(The input begins)

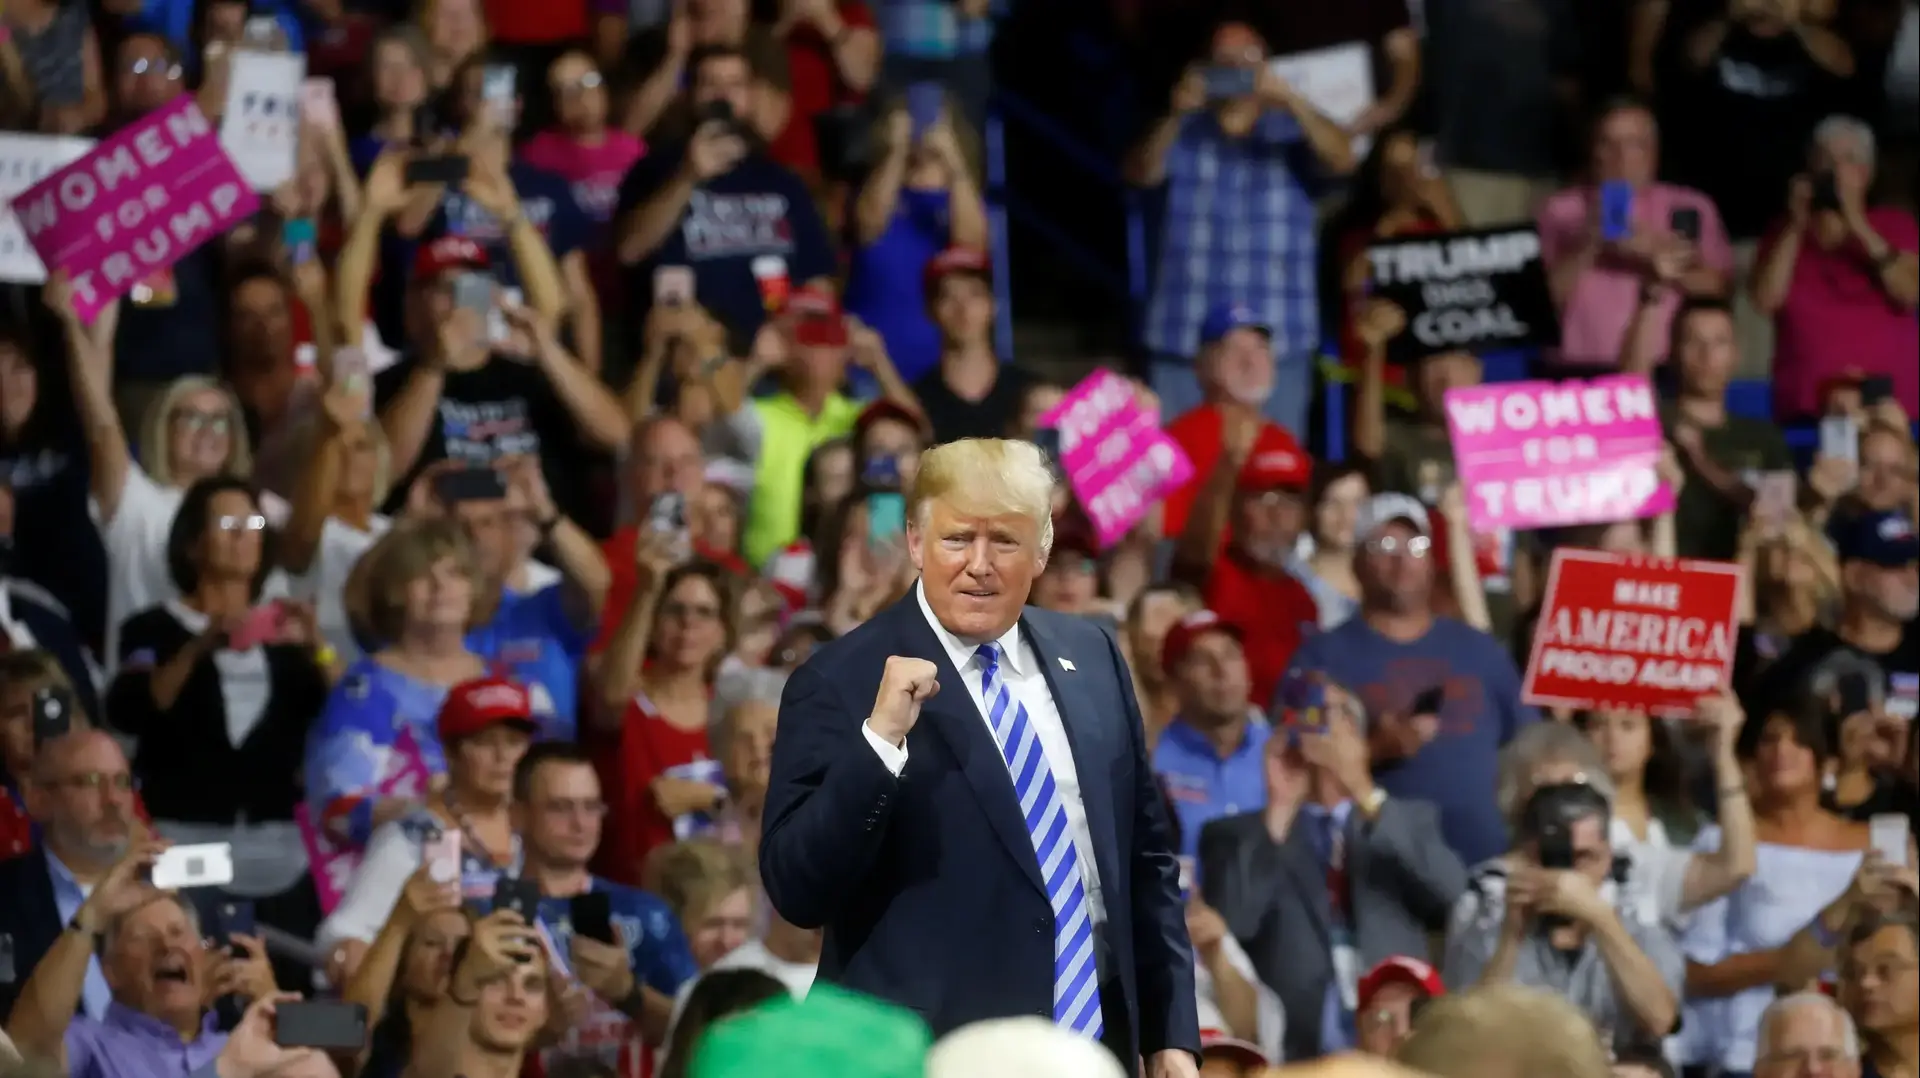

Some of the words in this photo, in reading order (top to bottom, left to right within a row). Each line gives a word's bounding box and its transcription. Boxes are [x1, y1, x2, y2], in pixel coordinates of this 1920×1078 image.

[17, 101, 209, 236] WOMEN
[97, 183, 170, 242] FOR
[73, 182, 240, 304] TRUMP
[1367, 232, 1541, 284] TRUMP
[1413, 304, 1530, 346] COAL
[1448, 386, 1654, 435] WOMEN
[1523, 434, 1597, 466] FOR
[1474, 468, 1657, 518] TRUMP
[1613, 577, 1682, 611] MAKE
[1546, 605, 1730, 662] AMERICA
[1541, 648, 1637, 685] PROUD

(The input ends)

* Your task *
Output all of the entries verbatim, leaving out any images.

* Solution to this task *
Some of the words in this photo, in reading order (top to bottom, left to right within a row). Each line gives a word's bounding box and its transcription. Boxes are [x1, y1, x2, y2], in pixel coordinates of this 1920×1078 image.

[17, 101, 209, 236] WOMEN
[97, 183, 170, 242] FOR
[73, 182, 240, 304] TRUMP
[1367, 232, 1541, 284] TRUMP
[1413, 304, 1530, 346] COAL
[1448, 386, 1654, 435] WOMEN
[1523, 434, 1597, 466] FOR
[1474, 468, 1657, 518] TRUMP
[1613, 577, 1682, 611] MAKE
[1546, 605, 1730, 662] AMERICA
[1541, 648, 1637, 685] PROUD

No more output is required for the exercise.